For OpenShift Container Platform, Red Hat Enterprise Linux CoreOS (RHCOS) is the only supported operating system for control plane. Whereas, for node hosts, OpenShift Container Platform supports both RHCOS and Red Hat Enterprise Linux (RHEL). With Red Hat Advanced Cluster Security for Kubernetes (RHACS), you can scan RHCOS nodes for vulnerabilities and detect potential security threats.

RHACS scans RHCOS RPMs installed on the node host, as part of the RHCOS installation, for any known vulnerabilities.

First, RHACS analyzes and detects RHCOS components. Then it matches vulnerabilities for identified components by using RHEL and OpenShift 4.X Open Vulnerability and Assessment Language (OVAL) v2 security data streams.

  • If you installed RHACS by using the roxctl CLI, you must manually enable the RHCOS node scanning features. When you use Helm or Operator installation methods on OpenShift Container Platform, this feature is enabled by default.

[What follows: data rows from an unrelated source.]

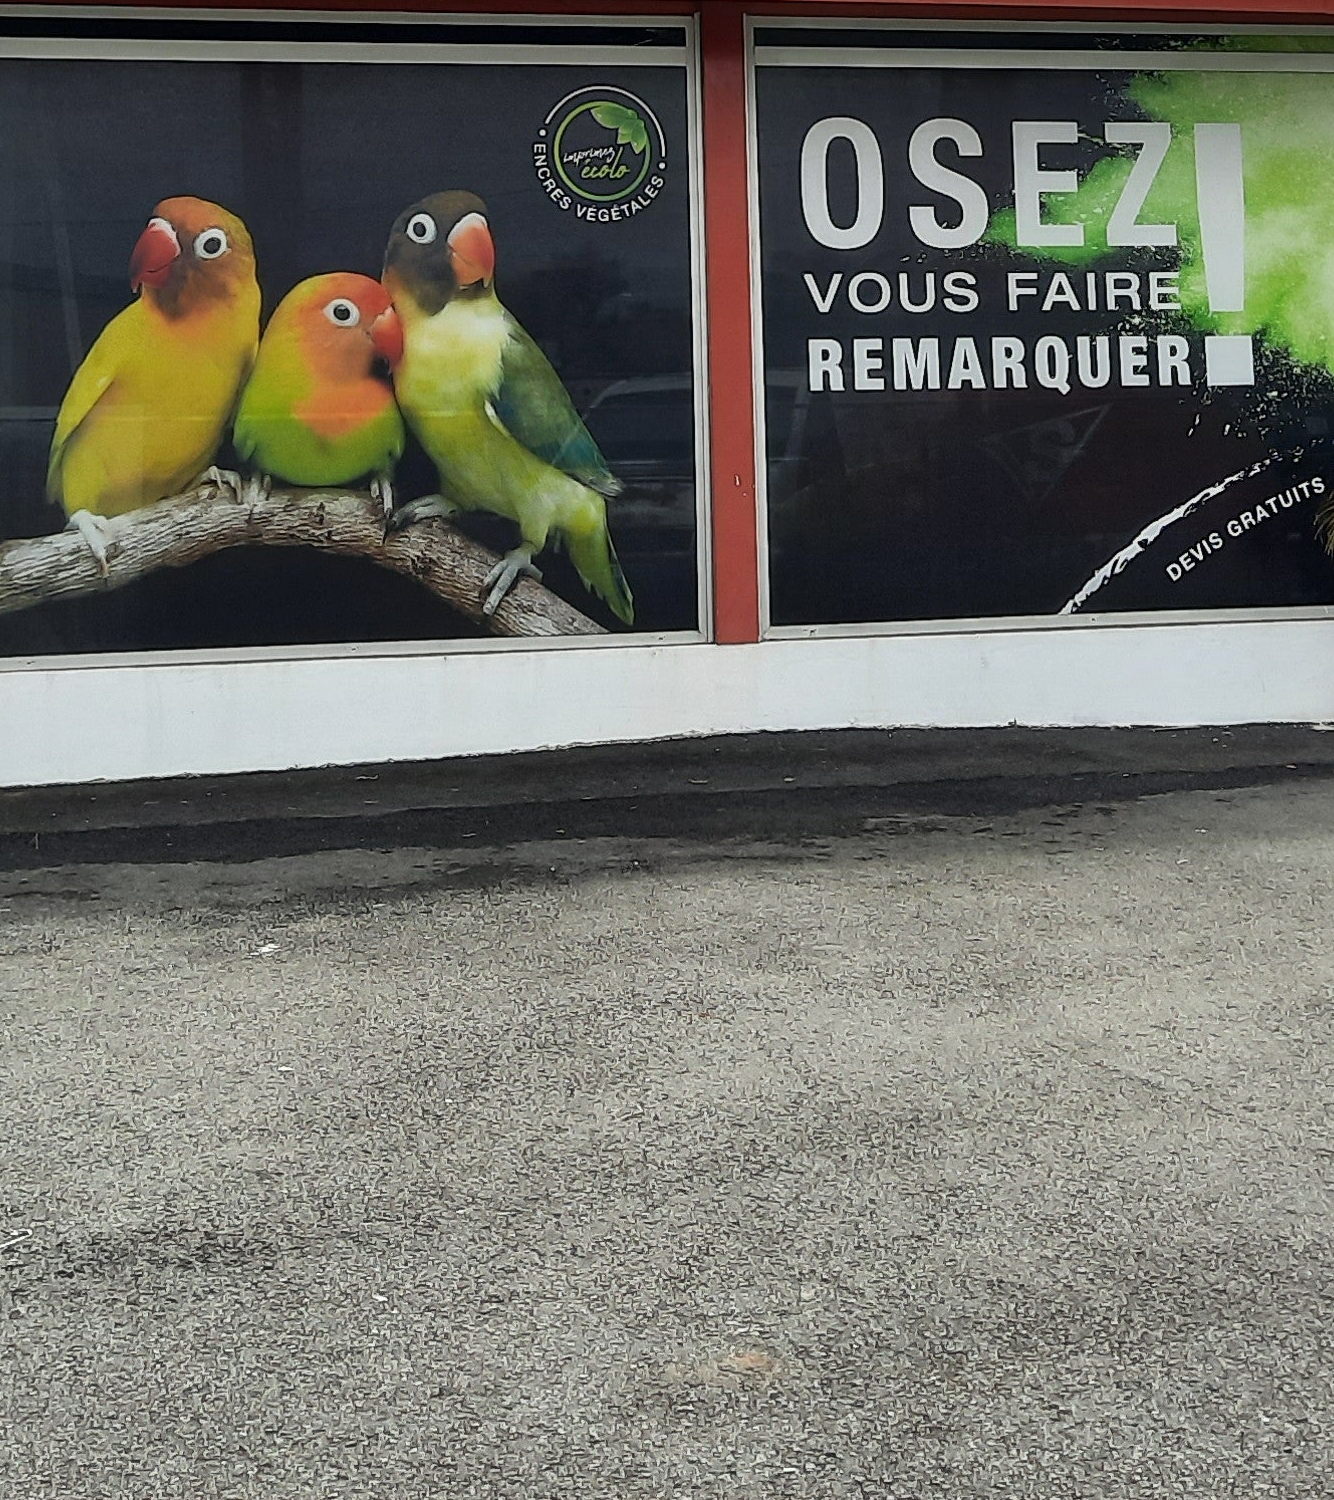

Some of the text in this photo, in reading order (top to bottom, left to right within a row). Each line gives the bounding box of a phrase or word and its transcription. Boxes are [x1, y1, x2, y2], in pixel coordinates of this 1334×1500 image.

[533, 143, 664, 222] ENCRES VÉGÉTALES
[800, 116, 1178, 250] OSEZ
[803, 271, 1182, 314] VOUS FAIRE
[807, 334, 1192, 396] REMARQUER
[1166, 476, 1326, 583] DEVIS GRATUITS

Enabling RHCOS node scanning

If you use OpenShift Container Platform, you can enable scanning of Red Hat Enterprise Linux CoreOS (RHCOS) nodes for vulnerabilities by using Red Hat Advanced Cluster Security for Kubernetes (RHACS).

  1. Run one of the following commands to update the compliance container.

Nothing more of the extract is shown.